‘Gracious goodness! To think of him going off by himself like that, and no wonder he got thrown off, and the wonder was he wasn’t killed, and the pony too,’ they chorused; whereupon my aunt’s head popped out of an upper window, and they clucked like hens as they reassured her about my undamaged return.
Infuriated by all this feminine fussiness I pushed past them and scurried up the back stairs to the schoolroom, whither Aunt Evelyn immediately followed me with additional exclamations and expostulations. I was now not only humiliated but sulky, and had I been a few years younger my rudeness would have ended in my being smacked and sent to bed. As it was I was merely informed that unless I learnt to behave better I should never grow up into a nice man, and was left alone with my tragic thoughts….
Next morning I paid my customary visit to the stable with a few lumps of sugar in my pocket. Dixon was polishing up a stirrup-iron at the door of the little harness room; he stopped in the middle of a jaunty snatch of song to give me his usual greeting. All my embarrassment faded out of me.

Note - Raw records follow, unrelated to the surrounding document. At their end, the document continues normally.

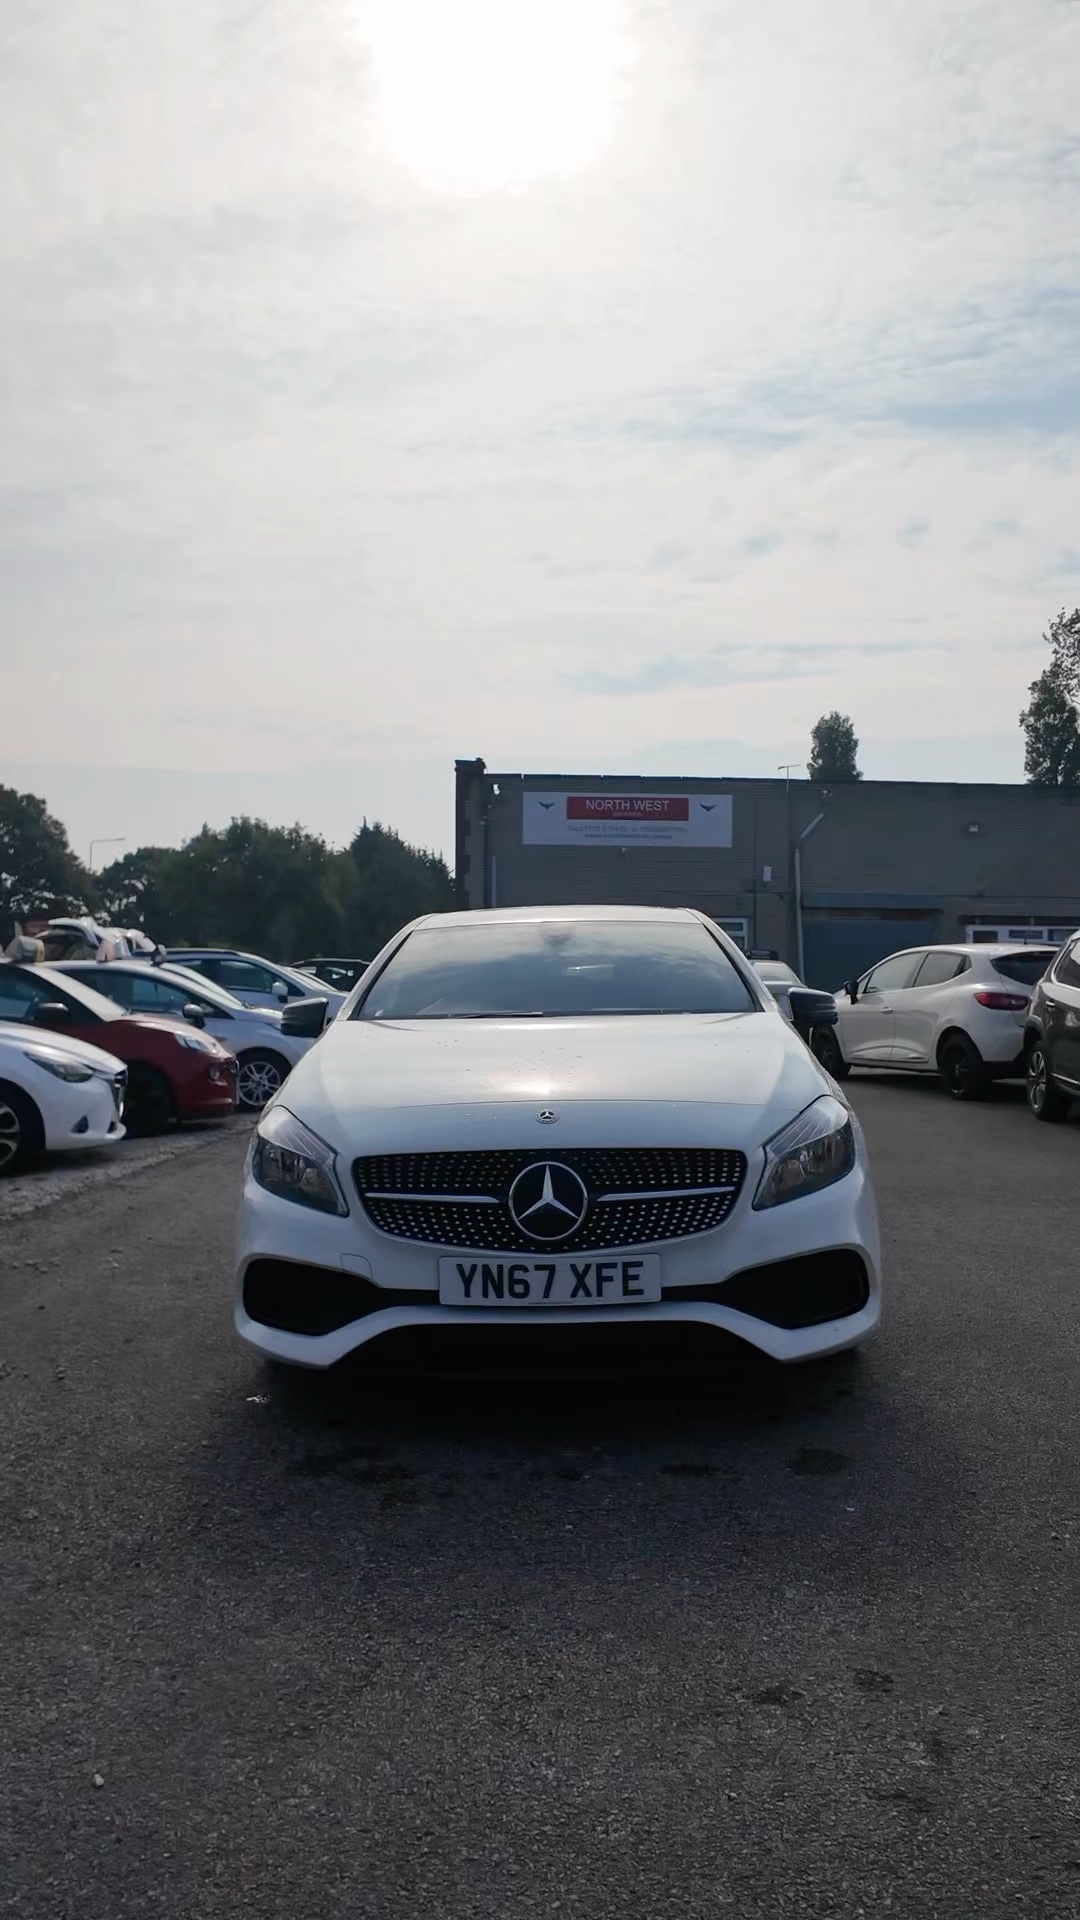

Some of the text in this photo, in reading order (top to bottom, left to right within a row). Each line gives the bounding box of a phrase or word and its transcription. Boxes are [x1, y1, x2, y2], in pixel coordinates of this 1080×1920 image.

[585, 799, 670, 811] NORTH WEST
[456, 1261, 644, 1299] YN67 XFE
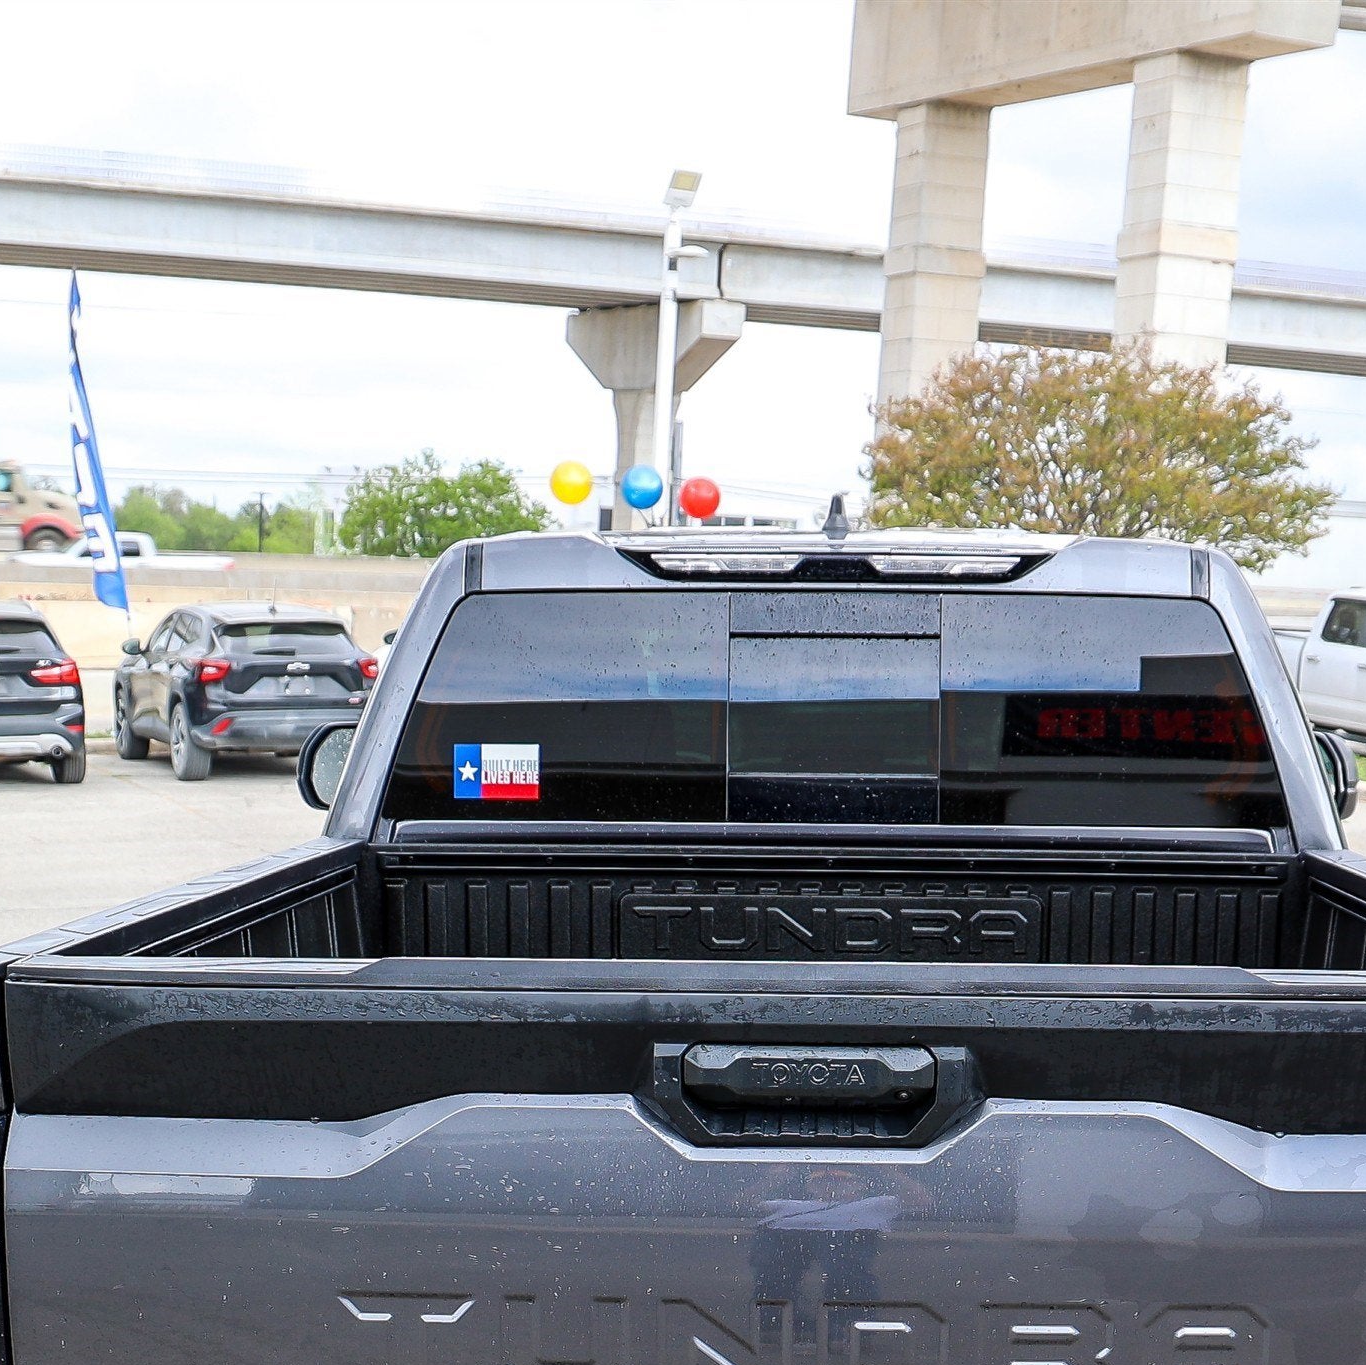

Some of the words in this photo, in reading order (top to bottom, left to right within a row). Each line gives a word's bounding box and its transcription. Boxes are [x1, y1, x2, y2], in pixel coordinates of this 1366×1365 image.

[482, 760, 511, 771] BUILT
[513, 760, 539, 771] HERE
[482, 771, 510, 784] LIVES
[513, 771, 539, 784] HERE
[633, 906, 1029, 955] TUNDRA
[751, 1062, 867, 1086] TOYOTA

His impassive face made not the slightest reference to yesterday’s calamity and this tactful silence more than ever assured me of his infinite superiority to those chattering females in the kitchen.
4
Since the continuity of these memoirs is to depend solely on my experiences as a sportsman, I need not waste many words on the winter, spring, summer and autumn that chronologically followed the last episode which I narrated. Outwardly monotonous, my life was made up of that series of small inward happenings which belong to the development of any intelligent little boy who spends a fair amount of time with no companion but himself. In this way I continued to fabricate for myself an intensely local and limited world. How faintly the vibrations of the outer world reached us on that rural atmosphere it is not easy to imagine in this later and louder age. When I was twelve years old I hadn’t been to London half a dozen times in my life, and the ten sleepy miles to the county town, whither the village carrier’s van went three times a week, were a road to romance. Ten miles was a long way when I was a child. Over the hills and far away, I used to think to myself, as I stared across the orchards and meadows of the Weald, along which ran the proverbially slow railway line to London.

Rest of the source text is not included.